A couple of times, my ex and I bouldered (that’s rock climbing, but without ropes and harnesses) in the Berkeley hills. His little Honda Civic didn’t have power steering—he’d work up a sweat as he hauled the steering wheel this way and that. I’d peer wide-eyed over the edge as we rounded hairpin curves mounting up and up narrow residential roads, past classic convertibles parked in front of mansions tucked behind giant rhododendrons.
The house-sized rocks had soft powdery red dirt round them, tamped down. We hung, our fingers grasping sharp holds in the stones, our toes wedged into cracks. We worked quietly, shaded by tall eucalyptus trees growing furiously in foreign soil.
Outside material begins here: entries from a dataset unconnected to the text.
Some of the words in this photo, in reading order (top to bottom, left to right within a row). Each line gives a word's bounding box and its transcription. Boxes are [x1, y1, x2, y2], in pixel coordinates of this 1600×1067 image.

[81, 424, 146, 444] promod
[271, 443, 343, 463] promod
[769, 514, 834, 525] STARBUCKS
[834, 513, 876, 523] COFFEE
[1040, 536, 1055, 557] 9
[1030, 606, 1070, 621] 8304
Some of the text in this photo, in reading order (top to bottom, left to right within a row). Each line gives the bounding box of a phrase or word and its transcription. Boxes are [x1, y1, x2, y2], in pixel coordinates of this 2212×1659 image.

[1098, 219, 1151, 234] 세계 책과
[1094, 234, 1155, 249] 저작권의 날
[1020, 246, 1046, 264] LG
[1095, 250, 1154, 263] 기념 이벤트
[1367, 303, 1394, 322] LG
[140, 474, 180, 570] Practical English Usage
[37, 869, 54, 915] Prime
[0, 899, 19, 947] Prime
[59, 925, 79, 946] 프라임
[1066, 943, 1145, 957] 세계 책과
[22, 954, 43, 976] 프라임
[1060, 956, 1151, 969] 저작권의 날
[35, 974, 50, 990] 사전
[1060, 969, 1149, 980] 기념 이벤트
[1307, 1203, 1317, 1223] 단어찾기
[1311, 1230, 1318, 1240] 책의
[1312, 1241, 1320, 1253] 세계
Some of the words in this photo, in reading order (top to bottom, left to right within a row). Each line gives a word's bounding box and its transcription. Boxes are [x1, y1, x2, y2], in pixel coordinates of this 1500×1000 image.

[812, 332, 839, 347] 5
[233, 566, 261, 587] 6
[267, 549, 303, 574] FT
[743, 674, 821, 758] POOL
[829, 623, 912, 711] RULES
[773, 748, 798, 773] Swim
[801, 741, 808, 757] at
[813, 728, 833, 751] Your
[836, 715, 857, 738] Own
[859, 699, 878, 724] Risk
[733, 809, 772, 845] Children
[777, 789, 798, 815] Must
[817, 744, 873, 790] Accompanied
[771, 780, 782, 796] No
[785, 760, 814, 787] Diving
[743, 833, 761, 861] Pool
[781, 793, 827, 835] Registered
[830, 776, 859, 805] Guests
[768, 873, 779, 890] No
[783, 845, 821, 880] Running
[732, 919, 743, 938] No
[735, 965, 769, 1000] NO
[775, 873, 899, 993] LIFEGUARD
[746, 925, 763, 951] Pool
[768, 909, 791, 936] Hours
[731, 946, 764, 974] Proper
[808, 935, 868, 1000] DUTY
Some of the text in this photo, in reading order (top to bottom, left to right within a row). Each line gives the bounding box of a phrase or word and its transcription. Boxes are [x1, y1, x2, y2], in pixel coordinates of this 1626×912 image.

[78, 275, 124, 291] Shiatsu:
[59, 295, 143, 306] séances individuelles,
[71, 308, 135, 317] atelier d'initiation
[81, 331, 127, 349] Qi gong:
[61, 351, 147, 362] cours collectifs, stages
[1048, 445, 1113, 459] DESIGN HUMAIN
Both the rhododendrons and the eucalyptus were exotics imported to California. As an immigrant to the Bay Area it was all intensely exotic to me. The shingled mansions with deep porches, the wealth, the sunshiney days.
The cultured and cultivated gardens of the wealthy of centuries past have always been filled with exotics, a show of colonial power. How many species from across the globe can I collect into this space around which I’ve built my fence. How much of the wild world can I bottle up, send back, own and exert my dominion over, at least in symbolic ways.
Everything is invasive, if you look at it on the right time scale.
Humans certainly are. Life itself has been forever invasive, blossoming anew after each of the five massive extinction events that we’ve learned about so far. After each mass death life moved once more across the globe from environment to environment if it proved to be possible.